Action item:
Set down the material exactly, keeping every line whole.

Records for processing:
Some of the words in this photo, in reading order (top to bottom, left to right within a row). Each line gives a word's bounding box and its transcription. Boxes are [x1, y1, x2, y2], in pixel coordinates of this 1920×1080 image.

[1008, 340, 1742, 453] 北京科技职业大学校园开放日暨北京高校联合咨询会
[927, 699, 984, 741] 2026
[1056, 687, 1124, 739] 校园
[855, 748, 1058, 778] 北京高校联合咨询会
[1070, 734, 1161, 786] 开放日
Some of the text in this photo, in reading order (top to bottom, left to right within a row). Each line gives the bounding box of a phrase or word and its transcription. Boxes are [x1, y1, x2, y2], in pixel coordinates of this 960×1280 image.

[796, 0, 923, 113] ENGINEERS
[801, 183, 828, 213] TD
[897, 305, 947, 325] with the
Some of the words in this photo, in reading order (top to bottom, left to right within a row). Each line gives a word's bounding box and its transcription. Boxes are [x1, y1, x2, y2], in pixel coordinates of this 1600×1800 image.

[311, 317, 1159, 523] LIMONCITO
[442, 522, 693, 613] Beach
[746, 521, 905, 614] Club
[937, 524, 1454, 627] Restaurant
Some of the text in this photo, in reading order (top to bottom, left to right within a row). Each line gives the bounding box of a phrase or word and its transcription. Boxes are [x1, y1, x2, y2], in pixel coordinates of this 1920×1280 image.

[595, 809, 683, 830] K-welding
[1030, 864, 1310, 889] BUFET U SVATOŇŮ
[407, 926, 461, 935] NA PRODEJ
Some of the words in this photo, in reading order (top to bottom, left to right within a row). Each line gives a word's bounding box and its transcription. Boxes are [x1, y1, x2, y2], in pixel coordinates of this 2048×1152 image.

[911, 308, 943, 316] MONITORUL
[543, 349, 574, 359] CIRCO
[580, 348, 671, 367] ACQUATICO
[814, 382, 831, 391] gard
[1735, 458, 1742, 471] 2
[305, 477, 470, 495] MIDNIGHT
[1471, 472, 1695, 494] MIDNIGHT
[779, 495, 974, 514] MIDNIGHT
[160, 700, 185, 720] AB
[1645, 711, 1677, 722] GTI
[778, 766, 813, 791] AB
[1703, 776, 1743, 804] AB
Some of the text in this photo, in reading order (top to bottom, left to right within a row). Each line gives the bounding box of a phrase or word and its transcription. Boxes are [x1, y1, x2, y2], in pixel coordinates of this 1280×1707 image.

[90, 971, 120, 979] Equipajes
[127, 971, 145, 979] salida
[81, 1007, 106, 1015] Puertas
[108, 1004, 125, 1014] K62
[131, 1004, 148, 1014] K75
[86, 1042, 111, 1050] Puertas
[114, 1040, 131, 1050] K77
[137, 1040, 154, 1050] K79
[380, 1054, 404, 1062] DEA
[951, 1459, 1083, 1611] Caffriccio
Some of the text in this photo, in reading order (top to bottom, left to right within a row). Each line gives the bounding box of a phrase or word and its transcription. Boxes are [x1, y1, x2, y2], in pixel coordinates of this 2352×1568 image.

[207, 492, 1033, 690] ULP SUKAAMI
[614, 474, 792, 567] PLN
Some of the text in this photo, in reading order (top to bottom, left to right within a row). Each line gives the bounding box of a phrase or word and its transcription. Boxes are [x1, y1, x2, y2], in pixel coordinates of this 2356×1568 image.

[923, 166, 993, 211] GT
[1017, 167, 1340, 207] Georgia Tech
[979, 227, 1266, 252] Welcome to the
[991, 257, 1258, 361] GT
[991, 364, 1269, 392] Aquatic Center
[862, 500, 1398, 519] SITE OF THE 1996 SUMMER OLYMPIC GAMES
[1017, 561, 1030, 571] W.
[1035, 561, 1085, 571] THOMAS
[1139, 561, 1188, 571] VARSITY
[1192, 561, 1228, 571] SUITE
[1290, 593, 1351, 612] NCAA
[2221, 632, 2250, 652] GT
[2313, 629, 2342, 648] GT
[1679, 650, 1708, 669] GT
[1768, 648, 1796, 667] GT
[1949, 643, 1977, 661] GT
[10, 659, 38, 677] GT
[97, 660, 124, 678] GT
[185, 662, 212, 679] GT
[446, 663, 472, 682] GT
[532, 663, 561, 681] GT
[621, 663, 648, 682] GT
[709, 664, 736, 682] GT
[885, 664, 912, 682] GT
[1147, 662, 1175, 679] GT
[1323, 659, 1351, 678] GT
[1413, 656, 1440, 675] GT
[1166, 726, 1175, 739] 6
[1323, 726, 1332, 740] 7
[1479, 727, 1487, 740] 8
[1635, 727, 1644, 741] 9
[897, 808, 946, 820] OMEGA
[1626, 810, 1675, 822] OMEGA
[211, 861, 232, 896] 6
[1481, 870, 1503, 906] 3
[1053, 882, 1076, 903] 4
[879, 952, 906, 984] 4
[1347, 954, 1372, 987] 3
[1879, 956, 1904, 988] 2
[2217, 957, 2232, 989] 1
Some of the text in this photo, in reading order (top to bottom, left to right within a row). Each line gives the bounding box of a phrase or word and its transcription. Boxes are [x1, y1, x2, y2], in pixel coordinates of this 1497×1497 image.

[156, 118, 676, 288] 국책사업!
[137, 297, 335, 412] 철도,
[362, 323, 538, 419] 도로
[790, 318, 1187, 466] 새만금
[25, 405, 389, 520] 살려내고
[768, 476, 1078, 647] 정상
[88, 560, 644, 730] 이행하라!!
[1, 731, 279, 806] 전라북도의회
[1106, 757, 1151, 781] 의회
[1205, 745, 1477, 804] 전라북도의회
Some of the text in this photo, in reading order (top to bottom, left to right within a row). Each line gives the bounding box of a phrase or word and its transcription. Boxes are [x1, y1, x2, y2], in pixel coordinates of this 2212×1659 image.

Final answer:
Some of the words in this photo, in reading order (top to bottom, left to right within a row). Each line gives a word's bounding box and its transcription. Boxes are [x1, y1, x2, y2], in pixel coordinates of this 1920×1080 image.

[1008, 340, 1742, 453] 北京科技职业大学校园开放日暨北京高校联合咨询会
[927, 699, 984, 741] 2026
[1056, 687, 1124, 739] 校园
[855, 748, 1058, 778] 北京高校联合咨询会
[1070, 734, 1161, 786] 开放日
Some of the text in this photo, in reading order (top to bottom, left to right within a row). Each line gives the bounding box of a phrase or word and its transcription. Boxes are [x1, y1, x2, y2], in pixel coordinates of this 960×1280 image.

[796, 0, 923, 113] ENGINEERS
[801, 183, 828, 213] TD
[897, 305, 947, 325] with the
Some of the words in this photo, in reading order (top to bottom, left to right within a row). Each line gives a word's bounding box and its transcription. Boxes are [x1, y1, x2, y2], in pixel coordinates of this 1600×1800 image.

[311, 317, 1159, 523] LIMONCITO
[442, 522, 693, 613] Beach
[746, 521, 905, 614] Club
[937, 524, 1454, 627] Restaurant
Some of the text in this photo, in reading order (top to bottom, left to right within a row). Each line gives the bounding box of a phrase or word and its transcription. Boxes are [x1, y1, x2, y2], in pixel coordinates of this 1920×1280 image.

[595, 809, 683, 830] K-welding
[1030, 864, 1310, 889] BUFET U SVATOŇŮ
[407, 926, 461, 935] NA PRODEJ
Some of the words in this photo, in reading order (top to bottom, left to right within a row). Each line gives a word's bounding box and its transcription. Boxes are [x1, y1, x2, y2], in pixel coordinates of this 2048×1152 image.

[911, 308, 943, 316] MONITORUL
[543, 349, 574, 359] CIRCO
[580, 348, 671, 367] ACQUATICO
[814, 382, 831, 391] gard
[1735, 458, 1742, 471] 2
[305, 477, 470, 495] MIDNIGHT
[1471, 472, 1695, 494] MIDNIGHT
[779, 495, 974, 514] MIDNIGHT
[160, 700, 185, 720] AB
[1645, 711, 1677, 722] GTI
[778, 766, 813, 791] AB
[1703, 776, 1743, 804] AB
Some of the text in this photo, in reading order (top to bottom, left to right within a row). Each line gives the bounding box of a phrase or word and its transcription. Boxes are [x1, y1, x2, y2], in pixel coordinates of this 1280×1707 image.

[90, 971, 120, 979] Equipajes
[127, 971, 145, 979] salida
[81, 1007, 106, 1015] Puertas
[108, 1004, 125, 1014] K62
[131, 1004, 148, 1014] K75
[86, 1042, 111, 1050] Puertas
[114, 1040, 131, 1050] K77
[137, 1040, 154, 1050] K79
[380, 1054, 404, 1062] DEA
[951, 1459, 1083, 1611] Caffriccio
Some of the text in this photo, in reading order (top to bottom, left to right within a row). Each line gives the bounding box of a phrase or word and its transcription. Boxes are [x1, y1, x2, y2], in pixel coordinates of this 2352×1568 image.

[207, 492, 1033, 690] ULP SUKAAMI
[614, 474, 792, 567] PLN
Some of the text in this photo, in reading order (top to bottom, left to right within a row). Each line gives the bounding box of a phrase or word and its transcription. Boxes are [x1, y1, x2, y2], in pixel coordinates of this 2356×1568 image.

[923, 166, 993, 211] GT
[1017, 167, 1340, 207] Georgia Tech
[979, 227, 1266, 252] Welcome to the
[991, 257, 1258, 361] GT
[991, 364, 1269, 392] Aquatic Center
[862, 500, 1398, 519] SITE OF THE 1996 SUMMER OLYMPIC GAMES
[1017, 561, 1030, 571] W.
[1035, 561, 1085, 571] THOMAS
[1139, 561, 1188, 571] VARSITY
[1192, 561, 1228, 571] SUITE
[1290, 593, 1351, 612] NCAA
[2221, 632, 2250, 652] GT
[2313, 629, 2342, 648] GT
[1679, 650, 1708, 669] GT
[1768, 648, 1796, 667] GT
[1949, 643, 1977, 661] GT
[10, 659, 38, 677] GT
[97, 660, 124, 678] GT
[185, 662, 212, 679] GT
[446, 663, 472, 682] GT
[532, 663, 561, 681] GT
[621, 663, 648, 682] GT
[709, 664, 736, 682] GT
[885, 664, 912, 682] GT
[1147, 662, 1175, 679] GT
[1323, 659, 1351, 678] GT
[1413, 656, 1440, 675] GT
[1166, 726, 1175, 739] 6
[1323, 726, 1332, 740] 7
[1479, 727, 1487, 740] 8
[1635, 727, 1644, 741] 9
[897, 808, 946, 820] OMEGA
[1626, 810, 1675, 822] OMEGA
[211, 861, 232, 896] 6
[1481, 870, 1503, 906] 3
[1053, 882, 1076, 903] 4
[879, 952, 906, 984] 4
[1347, 954, 1372, 987] 3
[1879, 956, 1904, 988] 2
[2217, 957, 2232, 989] 1
Some of the text in this photo, in reading order (top to bottom, left to right within a row). Each line gives the bounding box of a phrase or word and its transcription. Boxes are [x1, y1, x2, y2], in pixel coordinates of this 1497×1497 image.

[156, 118, 676, 288] 국책사업!
[137, 297, 335, 412] 철도,
[362, 323, 538, 419] 도로
[790, 318, 1187, 466] 새만금
[25, 405, 389, 520] 살려내고
[768, 476, 1078, 647] 정상
[88, 560, 644, 730] 이행하라!!
[1, 731, 279, 806] 전라북도의회
[1106, 757, 1151, 781] 의회
[1205, 745, 1477, 804] 전라북도의회
Some of the text in this photo, in reading order (top to bottom, left to right within a row). Each line gives the bounding box of a phrase or word and its transcription. Boxes are [x1, y1, x2, y2], in pixel coordinates of this 2212×1659 image.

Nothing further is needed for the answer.